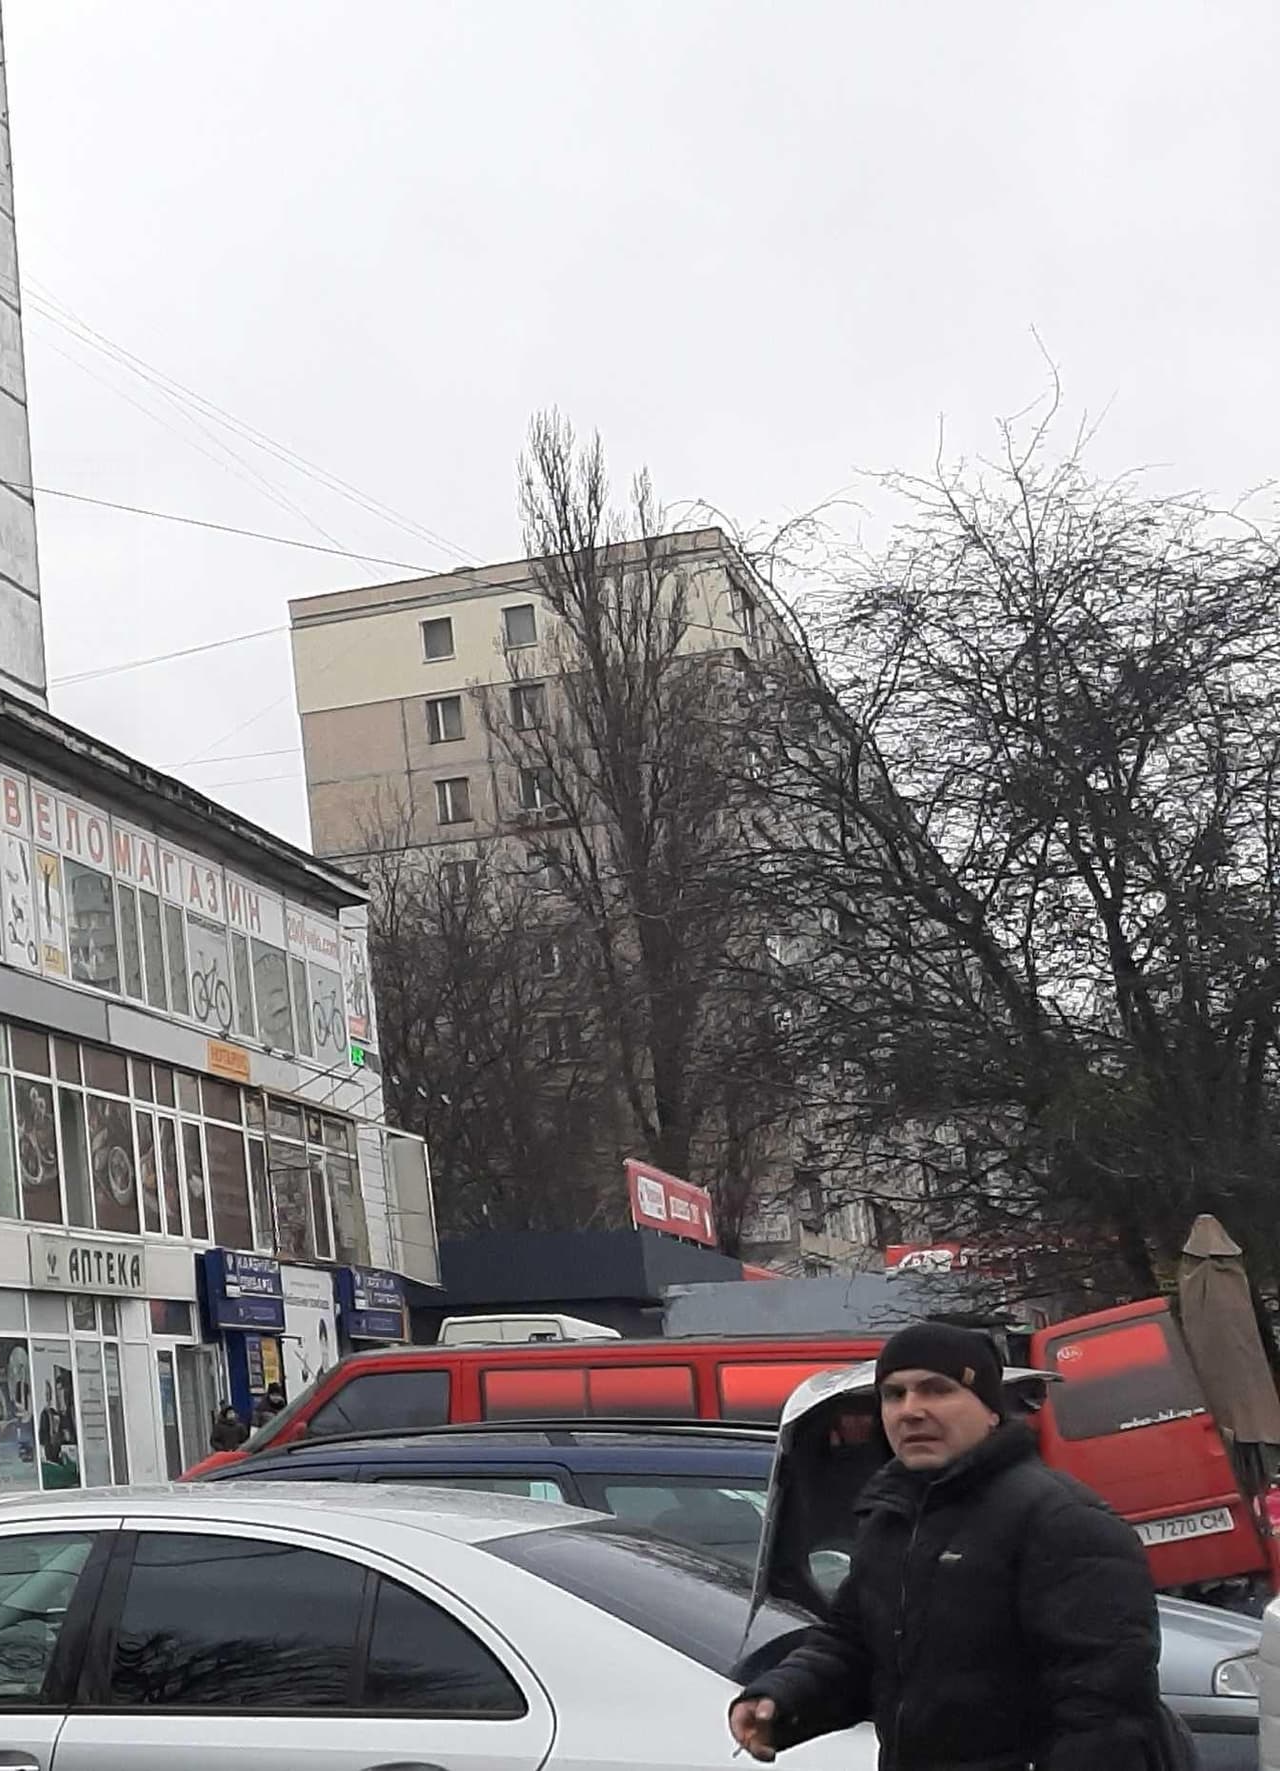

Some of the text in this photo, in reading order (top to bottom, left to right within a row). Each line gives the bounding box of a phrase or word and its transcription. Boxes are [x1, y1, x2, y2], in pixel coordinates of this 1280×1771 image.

[2, 778, 263, 934] ВЕЛОМАГАЗИН
[69, 1248, 141, 1289] АПТЕКА
[1159, 1519, 1197, 1539] 7270
[1200, 1511, 1228, 1530] CM
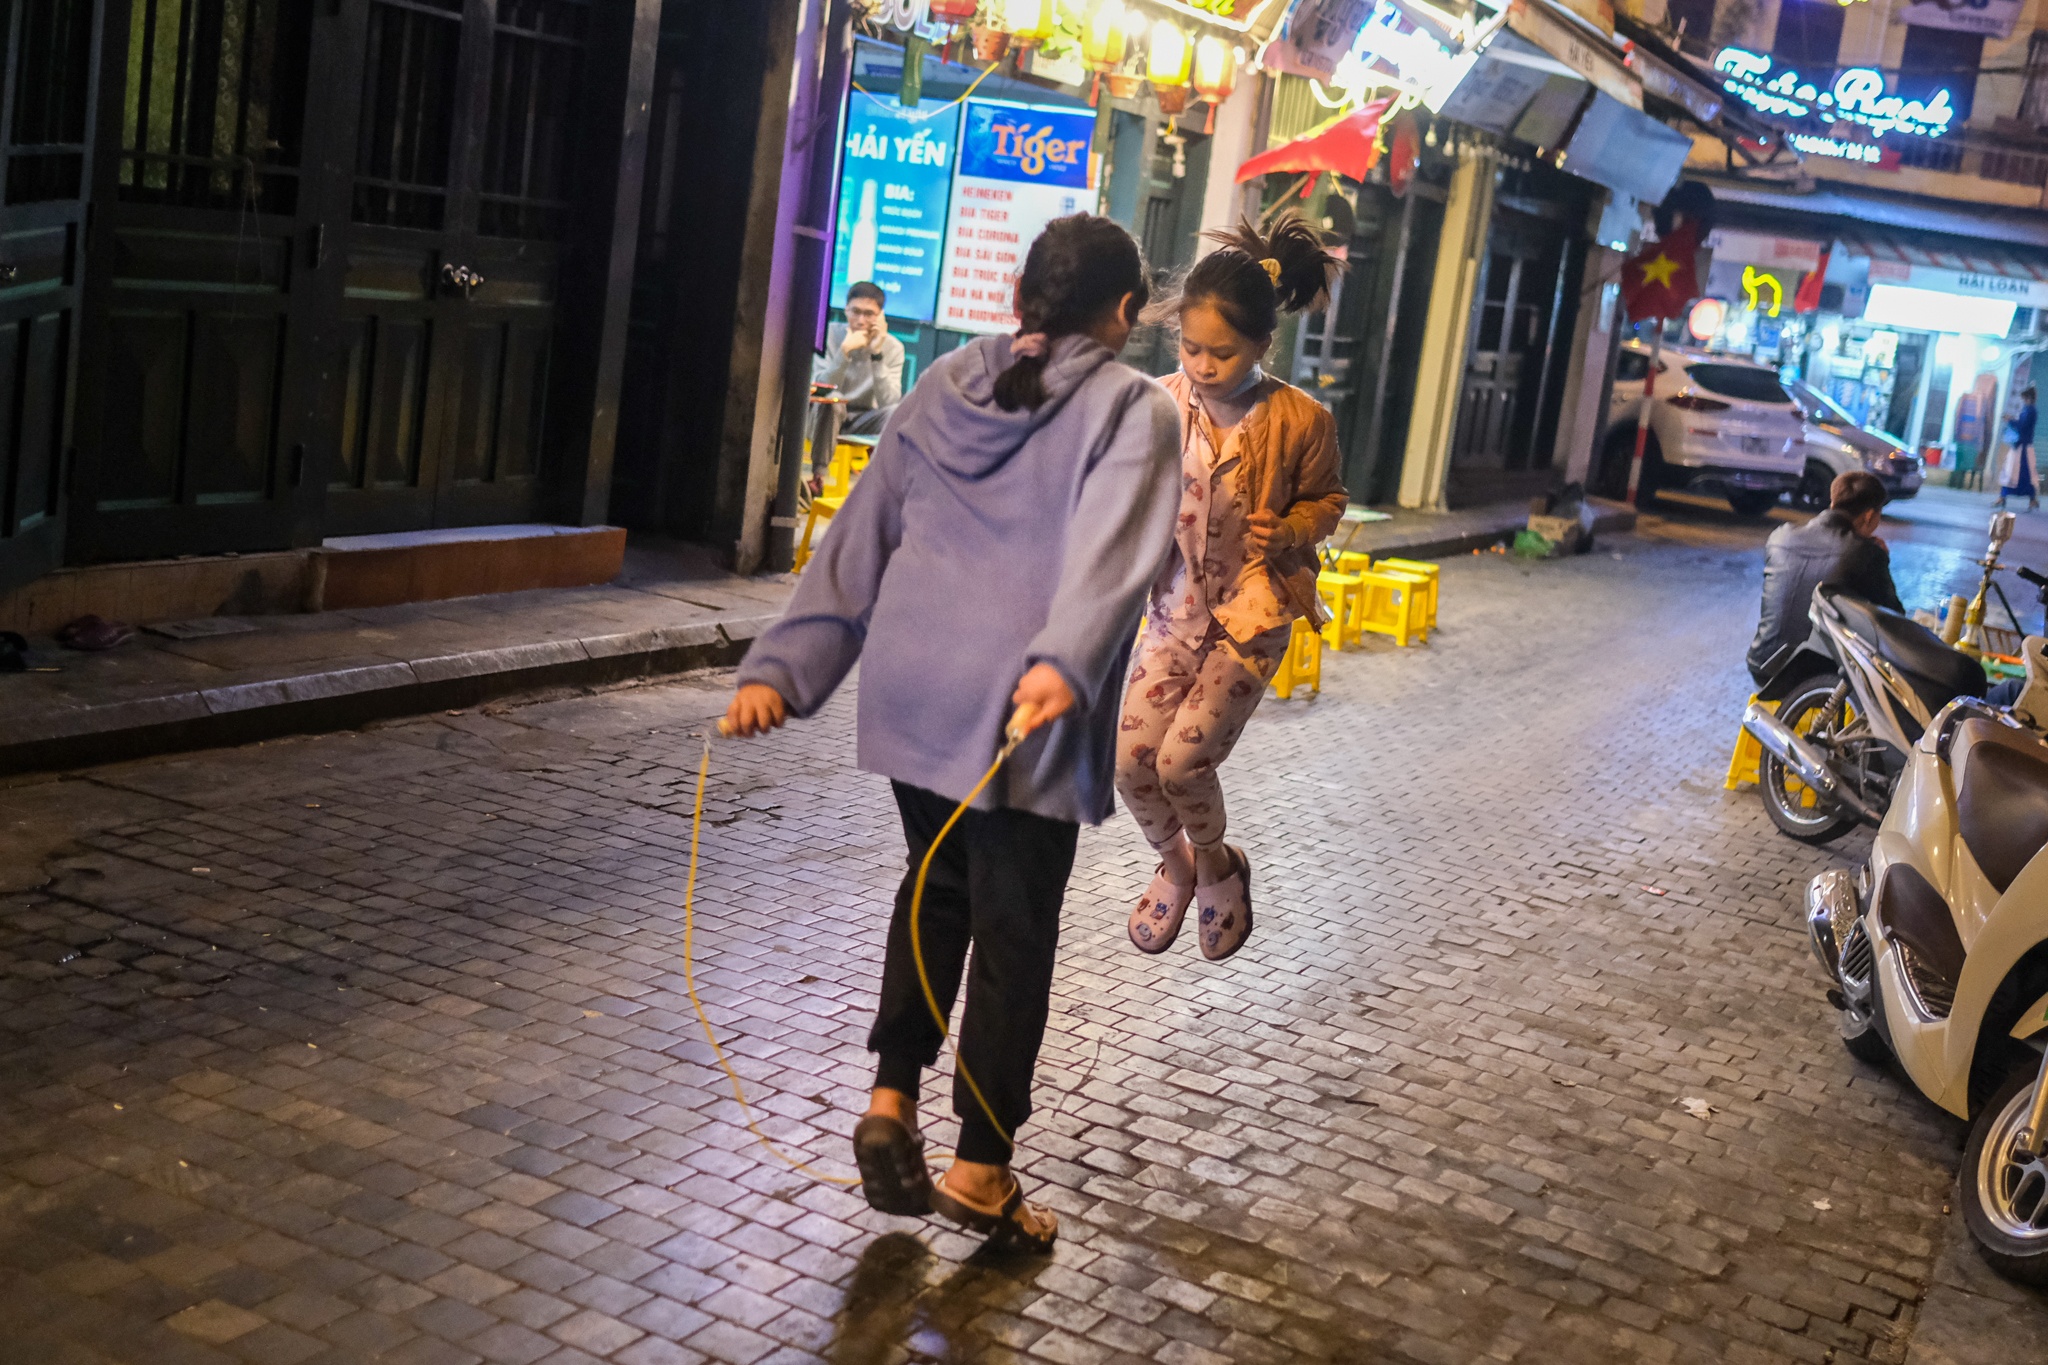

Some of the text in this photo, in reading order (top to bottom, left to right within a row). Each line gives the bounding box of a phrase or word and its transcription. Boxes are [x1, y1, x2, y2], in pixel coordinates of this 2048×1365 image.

[894, 128, 946, 167] YẾN
[991, 123, 1085, 175] Tiger
[962, 186, 1013, 201] HEINEKEN
[960, 206, 1008, 222] BIA TIGER
[958, 226, 1019, 244] BIA CORONA
[955, 246, 970, 259] BIA
[953, 266, 968, 279] BIA
[951, 286, 966, 299] BIA
[948, 306, 964, 318] BIA

▸ PROBLEM STATEMENT: Above are records with pictures; repeat them exactly, but without the pictures.

▸ RESPONSE TO THIS TASK:
Some of the text in this photo, in reading order (top to bottom, left to right within a row). Each line gives the bounding box of a phrase or word and its transcription. Boxes are [x1, y1, x2, y2], in pixel coordinates of this 1280×1771 image.

[2, 778, 263, 934] ВЕЛОМАГАЗИН
[69, 1248, 141, 1289] АПТЕКА
[1159, 1519, 1197, 1539] 7270
[1200, 1511, 1228, 1530] CM

Some of the text in this photo, in reading order (top to bottom, left to right within a row). Each line gives the bounding box of a phrase or word and its transcription. Boxes are [x1, y1, x2, y2], in pixel coordinates of this 2048×1365 image.

[894, 128, 946, 167] YẾN
[991, 123, 1085, 175] Tiger
[962, 186, 1013, 201] HEINEKEN
[960, 206, 1008, 222] BIA TIGER
[958, 226, 1019, 244] BIA CORONA
[955, 246, 970, 259] BIA
[953, 266, 968, 279] BIA
[951, 286, 966, 299] BIA
[948, 306, 964, 318] BIA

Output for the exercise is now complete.